**Data to use**
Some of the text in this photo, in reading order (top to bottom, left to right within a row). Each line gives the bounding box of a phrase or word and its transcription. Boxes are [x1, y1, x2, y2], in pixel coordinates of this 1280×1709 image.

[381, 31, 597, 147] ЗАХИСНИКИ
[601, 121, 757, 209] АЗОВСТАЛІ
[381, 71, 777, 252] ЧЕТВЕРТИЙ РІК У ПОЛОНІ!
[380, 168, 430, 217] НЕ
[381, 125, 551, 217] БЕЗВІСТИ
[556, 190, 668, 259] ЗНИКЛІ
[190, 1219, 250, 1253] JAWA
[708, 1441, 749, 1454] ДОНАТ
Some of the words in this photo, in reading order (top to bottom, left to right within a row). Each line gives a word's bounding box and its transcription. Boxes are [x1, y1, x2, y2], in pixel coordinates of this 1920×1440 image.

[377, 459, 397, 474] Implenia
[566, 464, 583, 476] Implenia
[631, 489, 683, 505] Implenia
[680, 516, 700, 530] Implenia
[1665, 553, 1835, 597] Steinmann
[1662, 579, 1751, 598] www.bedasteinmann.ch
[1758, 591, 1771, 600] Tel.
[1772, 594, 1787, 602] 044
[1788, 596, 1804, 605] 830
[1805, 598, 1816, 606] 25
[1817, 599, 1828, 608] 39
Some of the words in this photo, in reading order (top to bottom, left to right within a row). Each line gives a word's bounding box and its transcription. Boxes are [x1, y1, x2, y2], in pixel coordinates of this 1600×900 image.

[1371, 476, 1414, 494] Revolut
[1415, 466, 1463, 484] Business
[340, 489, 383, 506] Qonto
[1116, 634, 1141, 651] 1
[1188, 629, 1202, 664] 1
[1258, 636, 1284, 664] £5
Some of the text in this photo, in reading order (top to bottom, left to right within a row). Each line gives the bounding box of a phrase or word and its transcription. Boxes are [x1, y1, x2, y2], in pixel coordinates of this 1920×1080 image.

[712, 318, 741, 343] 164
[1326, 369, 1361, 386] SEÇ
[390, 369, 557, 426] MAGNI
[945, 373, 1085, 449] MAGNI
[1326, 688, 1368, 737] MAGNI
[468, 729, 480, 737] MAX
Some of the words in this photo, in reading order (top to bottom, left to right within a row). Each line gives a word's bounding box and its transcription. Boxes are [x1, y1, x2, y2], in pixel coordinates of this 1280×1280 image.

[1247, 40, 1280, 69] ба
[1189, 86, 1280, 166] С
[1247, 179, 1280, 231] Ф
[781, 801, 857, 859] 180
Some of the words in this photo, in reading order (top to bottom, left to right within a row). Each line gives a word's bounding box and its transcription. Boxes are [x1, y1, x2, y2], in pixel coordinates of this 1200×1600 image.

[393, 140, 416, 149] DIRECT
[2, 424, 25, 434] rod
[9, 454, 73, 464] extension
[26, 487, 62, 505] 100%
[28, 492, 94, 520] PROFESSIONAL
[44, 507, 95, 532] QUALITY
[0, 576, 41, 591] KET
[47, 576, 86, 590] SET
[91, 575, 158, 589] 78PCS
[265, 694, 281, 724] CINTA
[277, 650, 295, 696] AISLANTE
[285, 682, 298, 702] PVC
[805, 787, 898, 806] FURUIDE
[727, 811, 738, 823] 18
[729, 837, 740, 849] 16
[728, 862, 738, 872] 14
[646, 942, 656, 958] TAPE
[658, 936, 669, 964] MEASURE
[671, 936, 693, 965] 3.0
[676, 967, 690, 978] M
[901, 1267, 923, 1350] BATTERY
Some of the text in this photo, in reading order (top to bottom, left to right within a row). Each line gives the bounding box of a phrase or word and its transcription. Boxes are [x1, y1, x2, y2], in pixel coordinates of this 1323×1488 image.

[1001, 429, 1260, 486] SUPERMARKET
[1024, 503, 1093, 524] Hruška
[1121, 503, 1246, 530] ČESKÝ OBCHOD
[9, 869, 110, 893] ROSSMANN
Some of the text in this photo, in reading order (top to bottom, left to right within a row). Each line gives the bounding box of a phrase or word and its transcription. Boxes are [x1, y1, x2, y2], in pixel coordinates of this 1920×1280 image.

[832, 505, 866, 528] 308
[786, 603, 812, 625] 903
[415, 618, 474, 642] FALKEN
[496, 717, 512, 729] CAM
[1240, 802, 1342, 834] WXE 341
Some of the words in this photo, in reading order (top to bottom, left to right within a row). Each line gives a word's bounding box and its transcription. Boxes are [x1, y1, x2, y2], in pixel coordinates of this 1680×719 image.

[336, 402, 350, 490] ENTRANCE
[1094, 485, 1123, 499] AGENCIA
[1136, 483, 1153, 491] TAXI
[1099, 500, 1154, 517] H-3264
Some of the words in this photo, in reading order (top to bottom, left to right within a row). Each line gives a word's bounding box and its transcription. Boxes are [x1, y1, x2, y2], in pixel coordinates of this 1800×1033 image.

**What to do**
Would you mind giving all the records again exactly?

**Output of the exercise**
Some of the text in this photo, in reading order (top to bottom, left to right within a row). Each line gives the bounding box of a phrase or word and its transcription. Boxes are [x1, y1, x2, y2], in pixel coordinates of this 1280×1709 image.

[381, 31, 597, 147] ЗАХИСНИКИ
[601, 121, 757, 209] АЗОВСТАЛІ
[381, 71, 777, 252] ЧЕТВЕРТИЙ РІК У ПОЛОНІ!
[380, 168, 430, 217] НЕ
[381, 125, 551, 217] БЕЗВІСТИ
[556, 190, 668, 259] ЗНИКЛІ
[190, 1219, 250, 1253] JAWA
[708, 1441, 749, 1454] ДОНАТ
Some of the words in this photo, in reading order (top to bottom, left to right within a row). Each line gives a word's bounding box and its transcription. Boxes are [x1, y1, x2, y2], in pixel coordinates of this 1920×1440 image.

[377, 459, 397, 474] Implenia
[566, 464, 583, 476] Implenia
[631, 489, 683, 505] Implenia
[680, 516, 700, 530] Implenia
[1665, 553, 1835, 597] Steinmann
[1662, 579, 1751, 598] www.bedasteinmann.ch
[1758, 591, 1771, 600] Tel.
[1772, 594, 1787, 602] 044
[1788, 596, 1804, 605] 830
[1805, 598, 1816, 606] 25
[1817, 599, 1828, 608] 39
Some of the words in this photo, in reading order (top to bottom, left to right within a row). Each line gives a word's bounding box and its transcription. Boxes are [x1, y1, x2, y2], in pixel coordinates of this 1600×900 image.

[1371, 476, 1414, 494] Revolut
[1415, 466, 1463, 484] Business
[340, 489, 383, 506] Qonto
[1116, 634, 1141, 651] 1
[1188, 629, 1202, 664] 1
[1258, 636, 1284, 664] £5
Some of the text in this photo, in reading order (top to bottom, left to right within a row). Each line gives the bounding box of a phrase or word and its transcription. Boxes are [x1, y1, x2, y2], in pixel coordinates of this 1920×1080 image.

[712, 318, 741, 343] 164
[1326, 369, 1361, 386] SEÇ
[390, 369, 557, 426] MAGNI
[945, 373, 1085, 449] MAGNI
[1326, 688, 1368, 737] MAGNI
[468, 729, 480, 737] MAX
Some of the words in this photo, in reading order (top to bottom, left to right within a row). Each line gives a word's bounding box and its transcription. Boxes are [x1, y1, x2, y2], in pixel coordinates of this 1280×1280 image.

[1247, 40, 1280, 69] ба
[1189, 86, 1280, 166] С
[1247, 179, 1280, 231] Ф
[781, 801, 857, 859] 180
Some of the words in this photo, in reading order (top to bottom, left to right within a row). Each line gives a word's bounding box and its transcription. Boxes are [x1, y1, x2, y2], in pixel coordinates of this 1200×1600 image.

[393, 140, 416, 149] DIRECT
[2, 424, 25, 434] rod
[9, 454, 73, 464] extension
[26, 487, 62, 505] 100%
[28, 492, 94, 520] PROFESSIONAL
[44, 507, 95, 532] QUALITY
[0, 576, 41, 591] KET
[47, 576, 86, 590] SET
[91, 575, 158, 589] 78PCS
[265, 694, 281, 724] CINTA
[277, 650, 295, 696] AISLANTE
[285, 682, 298, 702] PVC
[805, 787, 898, 806] FURUIDE
[727, 811, 738, 823] 18
[729, 837, 740, 849] 16
[728, 862, 738, 872] 14
[646, 942, 656, 958] TAPE
[658, 936, 669, 964] MEASURE
[671, 936, 693, 965] 3.0
[676, 967, 690, 978] M
[901, 1267, 923, 1350] BATTERY
Some of the text in this photo, in reading order (top to bottom, left to right within a row). Each line gives the bounding box of a phrase or word and its transcription. Boxes are [x1, y1, x2, y2], in pixel coordinates of this 1323×1488 image.

[1001, 429, 1260, 486] SUPERMARKET
[1024, 503, 1093, 524] Hruška
[1121, 503, 1246, 530] ČESKÝ OBCHOD
[9, 869, 110, 893] ROSSMANN
Some of the text in this photo, in reading order (top to bottom, left to right within a row). Each line gives the bounding box of a phrase or word and its transcription. Boxes are [x1, y1, x2, y2], in pixel coordinates of this 1920×1280 image.

[832, 505, 866, 528] 308
[786, 603, 812, 625] 903
[415, 618, 474, 642] FALKEN
[496, 717, 512, 729] CAM
[1240, 802, 1342, 834] WXE 341
Some of the words in this photo, in reading order (top to bottom, left to right within a row). Each line gives a word's bounding box and its transcription. Boxes are [x1, y1, x2, y2], in pixel coordinates of this 1680×719 image.

[336, 402, 350, 490] ENTRANCE
[1094, 485, 1123, 499] AGENCIA
[1136, 483, 1153, 491] TAXI
[1099, 500, 1154, 517] H-3264
Some of the words in this photo, in reading order (top to bottom, left to right within a row). Each line gives a word's bounding box and its transcription. Boxes are [x1, y1, x2, y2], in pixel coordinates of this 1800×1033 image.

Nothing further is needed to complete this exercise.